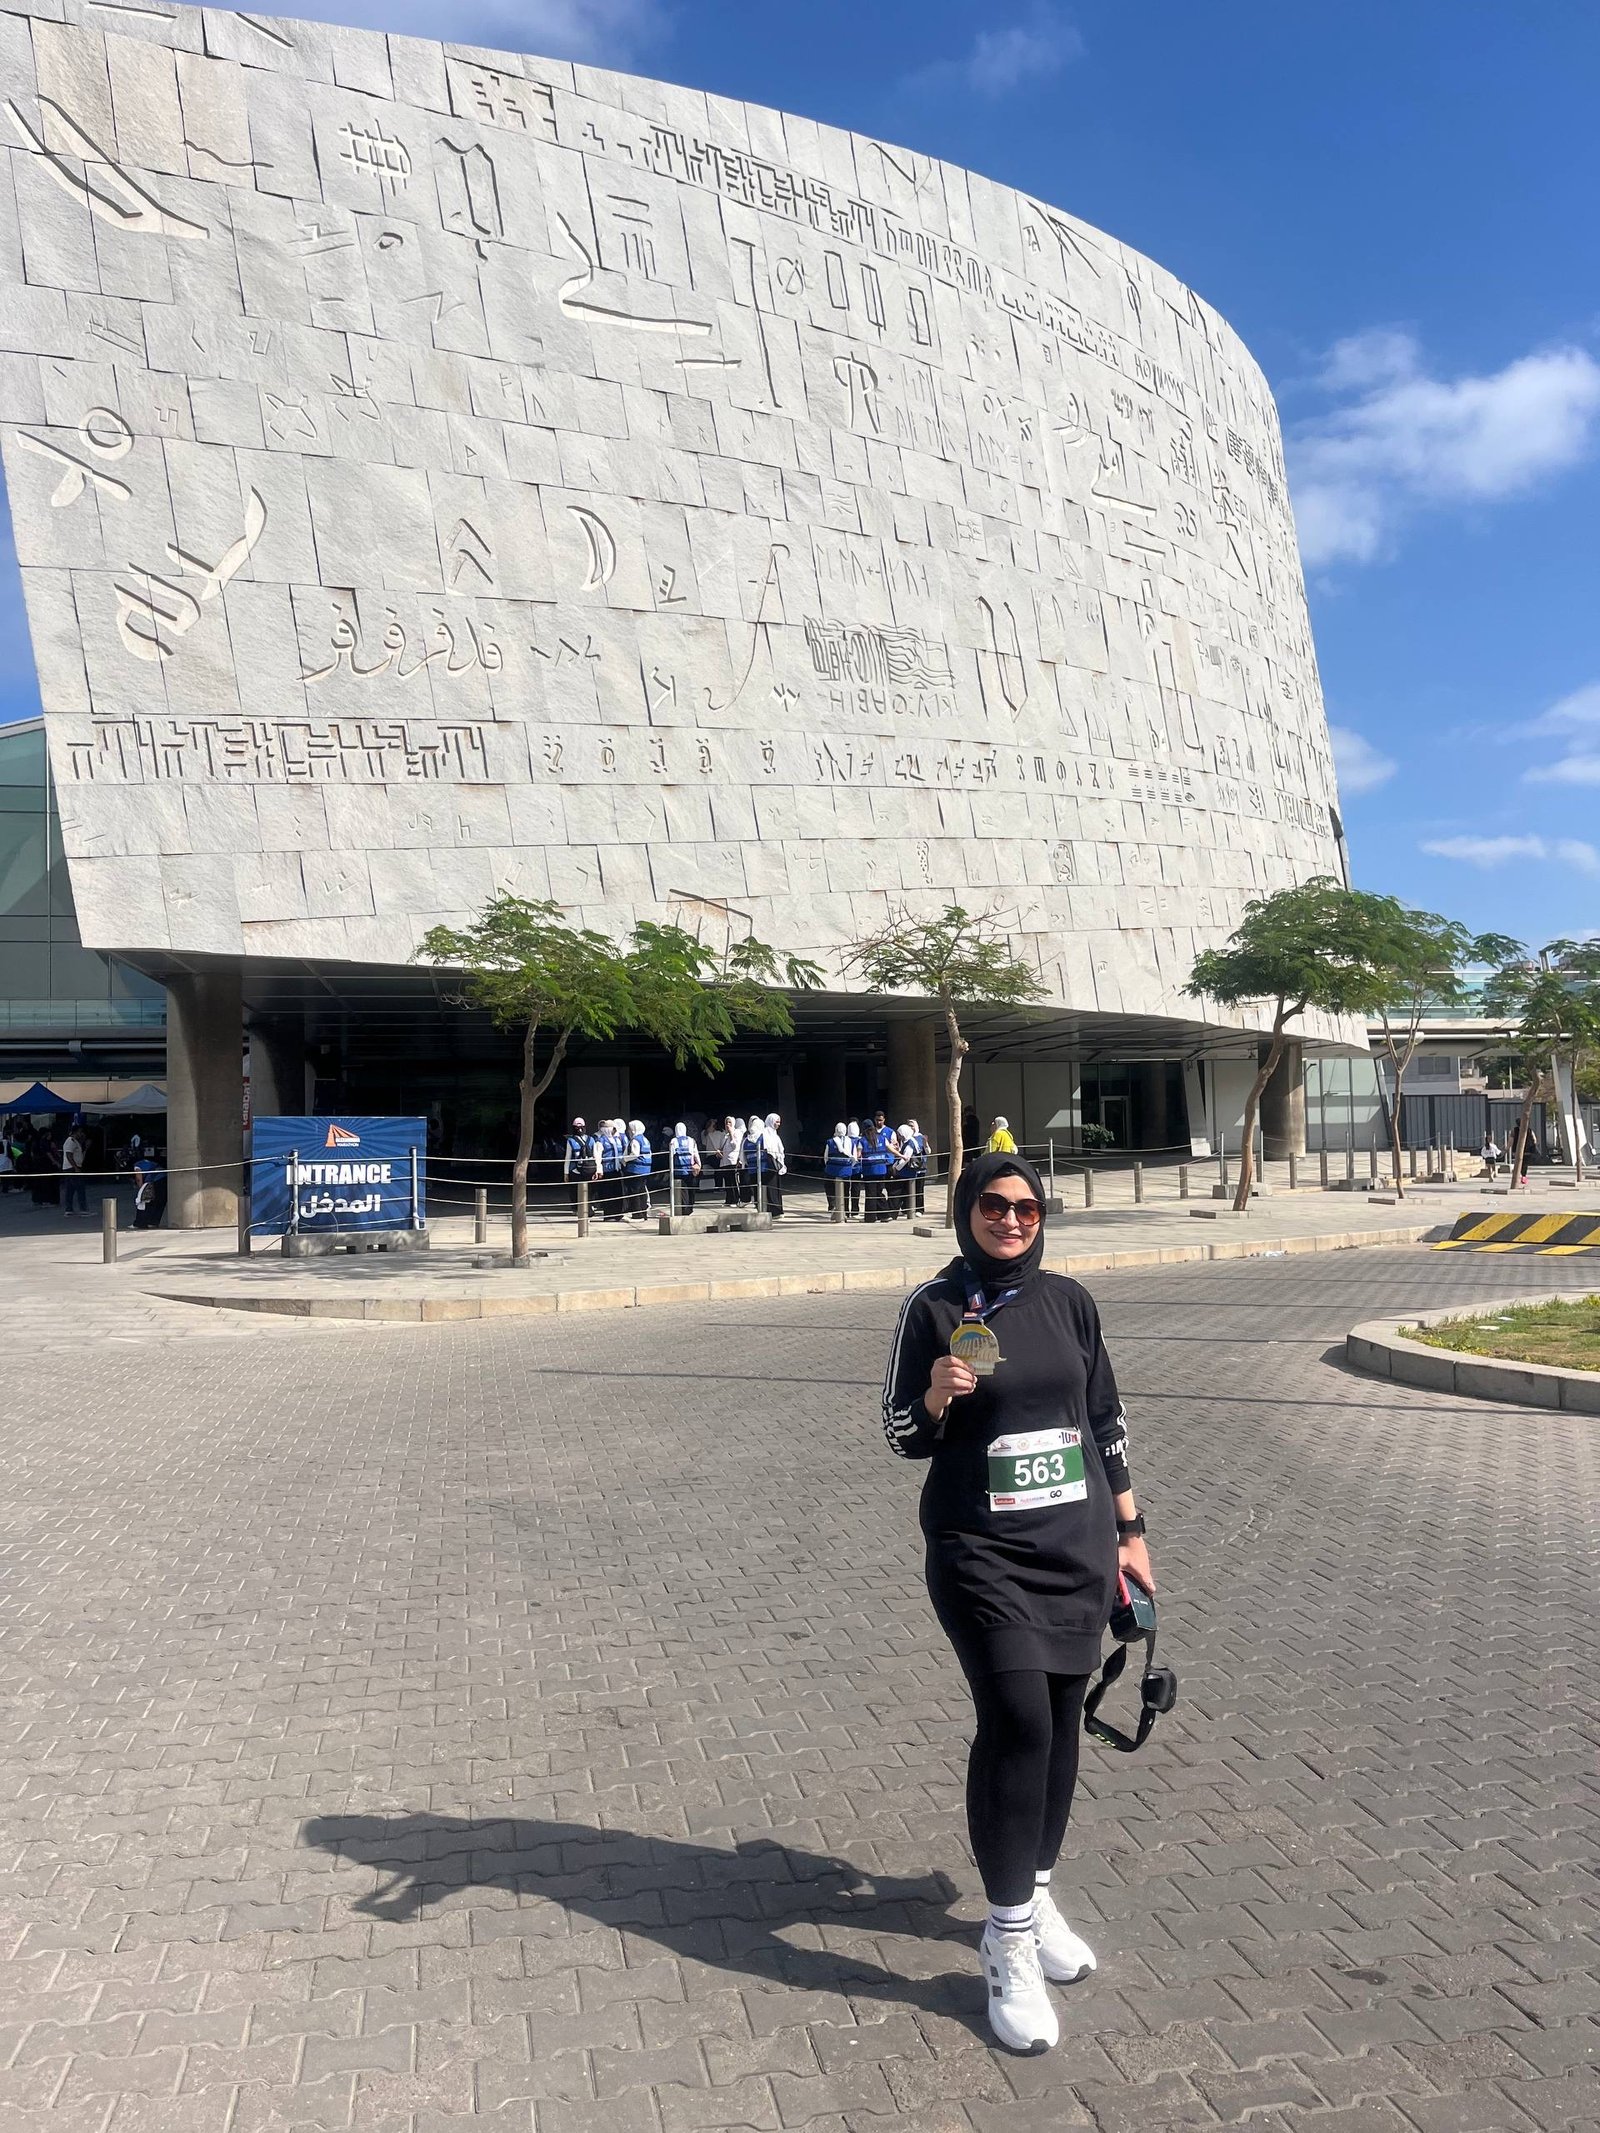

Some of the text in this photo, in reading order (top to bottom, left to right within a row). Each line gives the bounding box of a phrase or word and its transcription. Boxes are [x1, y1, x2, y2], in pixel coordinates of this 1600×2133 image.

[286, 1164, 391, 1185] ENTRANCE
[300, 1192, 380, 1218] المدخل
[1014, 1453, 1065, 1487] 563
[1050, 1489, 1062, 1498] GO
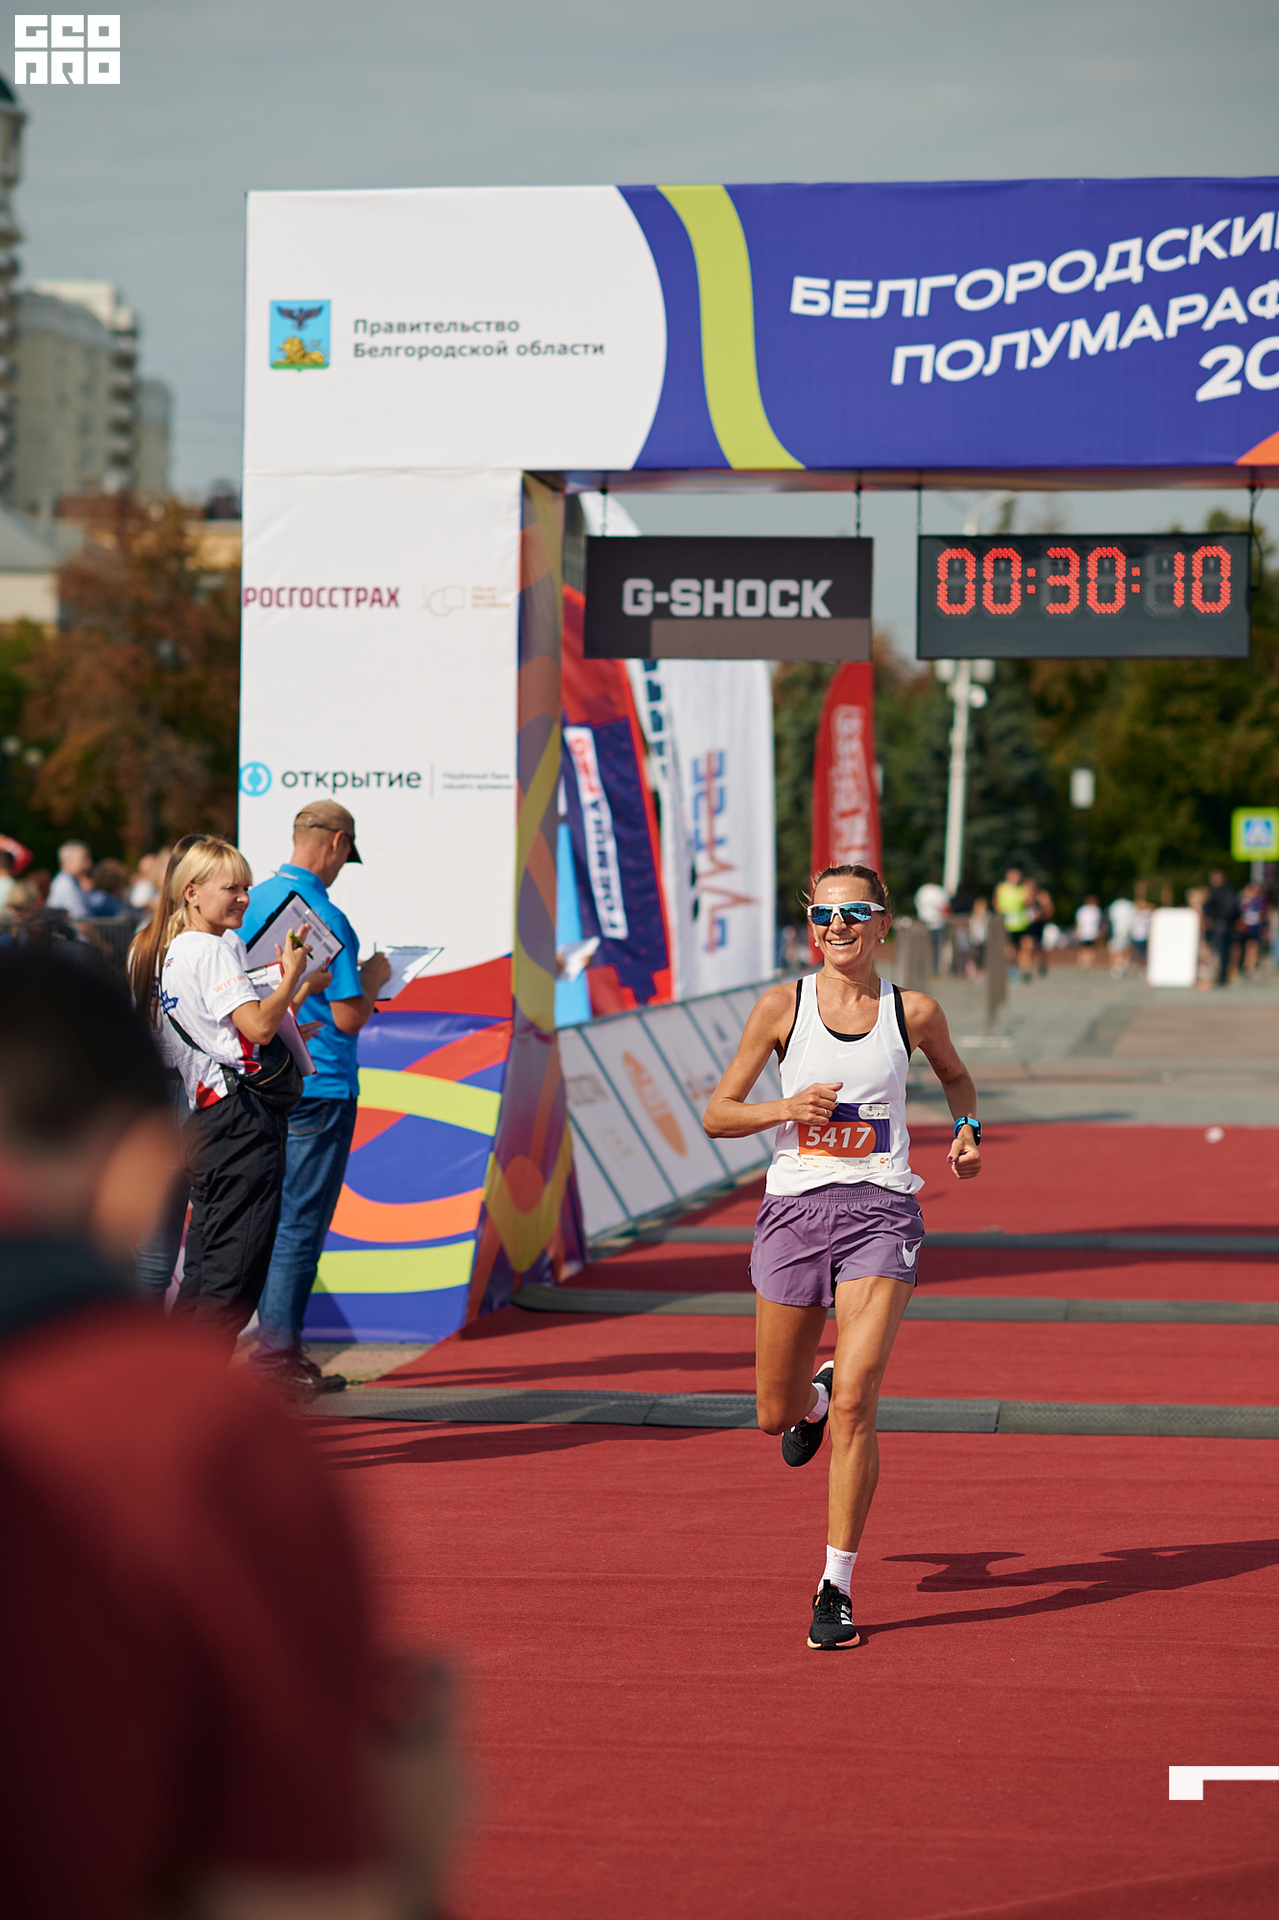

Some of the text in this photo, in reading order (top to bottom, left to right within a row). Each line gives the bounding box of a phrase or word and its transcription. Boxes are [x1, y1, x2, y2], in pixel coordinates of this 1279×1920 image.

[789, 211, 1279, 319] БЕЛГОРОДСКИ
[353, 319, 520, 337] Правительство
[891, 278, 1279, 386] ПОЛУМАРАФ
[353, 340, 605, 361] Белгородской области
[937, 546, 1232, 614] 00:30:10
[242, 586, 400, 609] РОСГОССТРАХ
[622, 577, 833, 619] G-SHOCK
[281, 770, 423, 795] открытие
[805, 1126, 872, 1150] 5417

+-------+

▸ EXERCISE REQUIREMENTS
Word for word, print the material above, but without its pictures.

▸ SOLUTION TO THIS TASK
Some of the text in this photo, in reading order (top to bottom, left to right within a row). Each line gives the bounding box of a phrase or word and its transcription. Boxes are [x1, y1, x2, y2], in pixel coordinates of this 1600×2133 image.

[286, 1164, 391, 1185] ENTRANCE
[300, 1192, 380, 1218] المدخل
[1014, 1453, 1065, 1487] 563
[1050, 1489, 1062, 1498] GO

Some of the text in this photo, in reading order (top to bottom, left to right within a row). Each line gives the bounding box of a phrase or word and its transcription. Boxes are [x1, y1, x2, y2], in pixel coordinates of this 1279×1920 image.

[789, 211, 1279, 319] БЕЛГОРОДСКИ
[353, 319, 520, 337] Правительство
[891, 278, 1279, 386] ПОЛУМАРАФ
[353, 340, 605, 361] Белгородской области
[937, 546, 1232, 614] 00:30:10
[242, 586, 400, 609] РОСГОССТРАХ
[622, 577, 833, 619] G-SHOCK
[281, 770, 423, 795] открытие
[805, 1126, 872, 1150] 5417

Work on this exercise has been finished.